Odatscoo, don't buy out of a sense of desperation or urgency. Take all the time you need to choose wisely for yourself. Others here have said this & it's imperative that you get the GSD you KNOW to be right for YOU. That's unlikely to happen when you rush into the decision.

Regardless of what any of us here believe it's ultimately what YOU think. You are nowhere near ready until you can confidently make this decision for yourself. Decide what you want & need in your GSD dog & what you most want to avoid. THINK this thing through. DEEPLY. Do not accept another's answers. Read up thoroughly & arrive at YOUR answers. Take whatever time you need. You will never regret taking the necessary time to learn, analyze all you've learned & use that knowledge to choose the GSD which best suits you.

Even if you're absolutely set on a pup forget about pups. The dreadful little beasts are almost universally endearing & nearly irresistible. Heck, pups can make me smile. But puppyhood is a fleeting & evanescent time. Look to the dog you ultimately want. Especially when deciding on a breeder, look to the adult dogs, & especially their progeny, if possible.

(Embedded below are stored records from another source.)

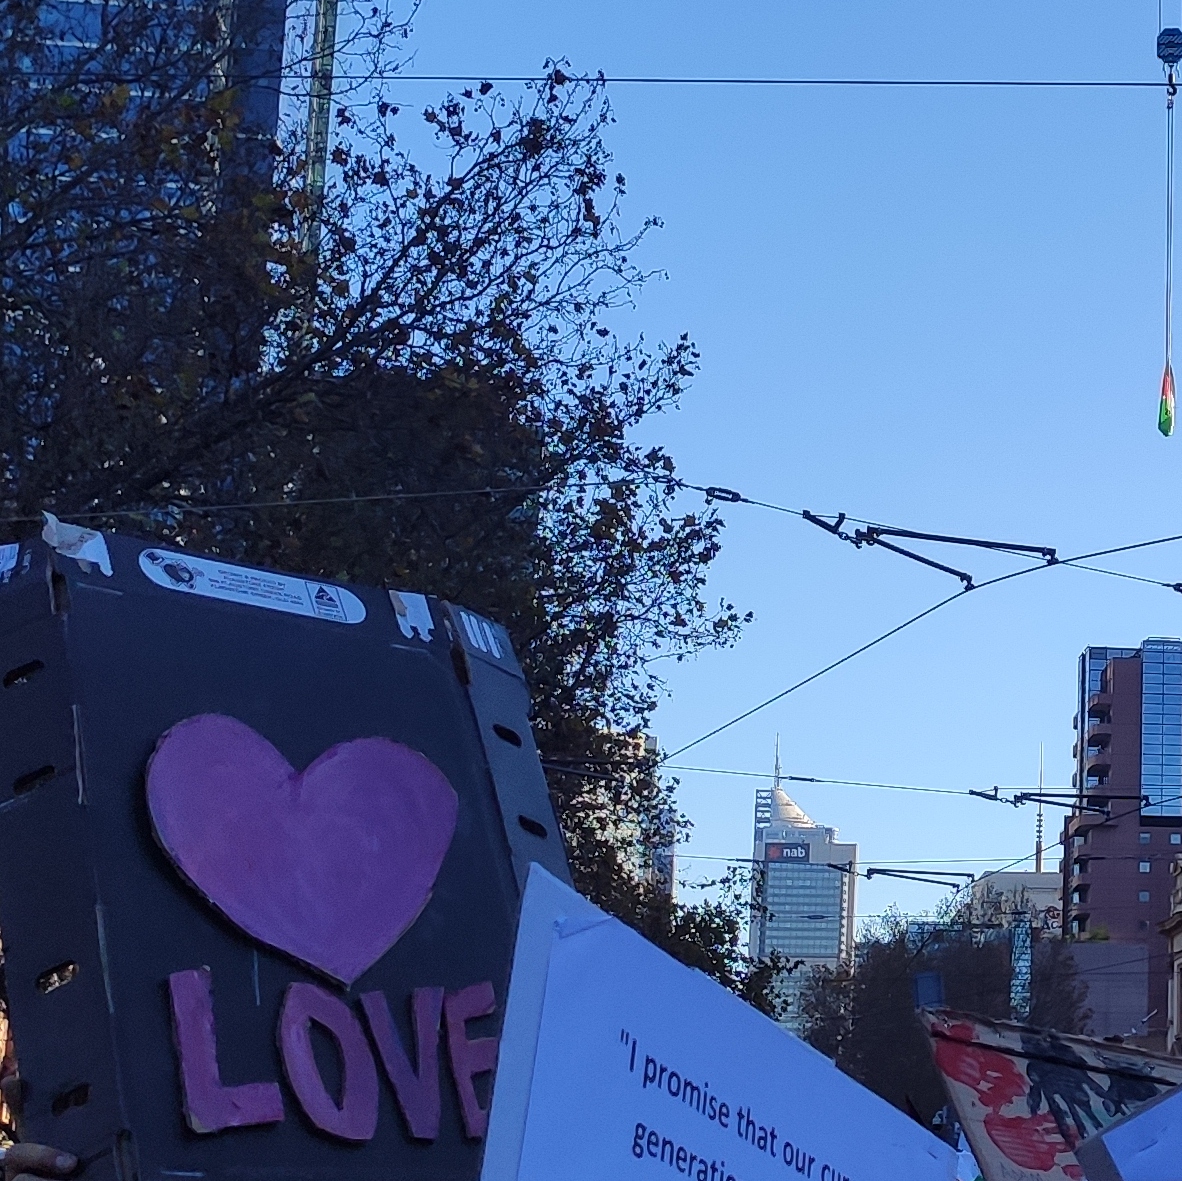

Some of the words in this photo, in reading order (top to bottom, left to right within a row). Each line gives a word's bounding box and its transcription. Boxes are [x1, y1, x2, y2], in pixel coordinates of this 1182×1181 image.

[783, 846, 806, 858] nab
[169, 966, 498, 1140] LOVE
[631, 1122, 737, 1181] generati
[642, 1054, 730, 1129] promise
[736, 1104, 777, 1158] that
[782, 1141, 816, 1179] our

IF you want a pup, & an adult won't do, so be it. IF you're flexible on this point consider a young adult or older pup from the breeders you're enamored of. These dogs have numerous advantages, including a better idea of what the adult temperament & personality will be, receiving some early training & socialization, and getting a better idea of the adult appearance if this is important to you.

I wish you luck! Deciding on where to go can be frustrating & nerve wracking, but it's ultimately well worth the time & trouble it takes.


----------



## Sp00ks (Nov 8, 2013)

We have a Kaltwasser (Coldwater) dog. We couldn't be happier with both Janette and the pup. Janette has stayed engaged with us, 9 months later. Good breeder. She truly cares about her pups. 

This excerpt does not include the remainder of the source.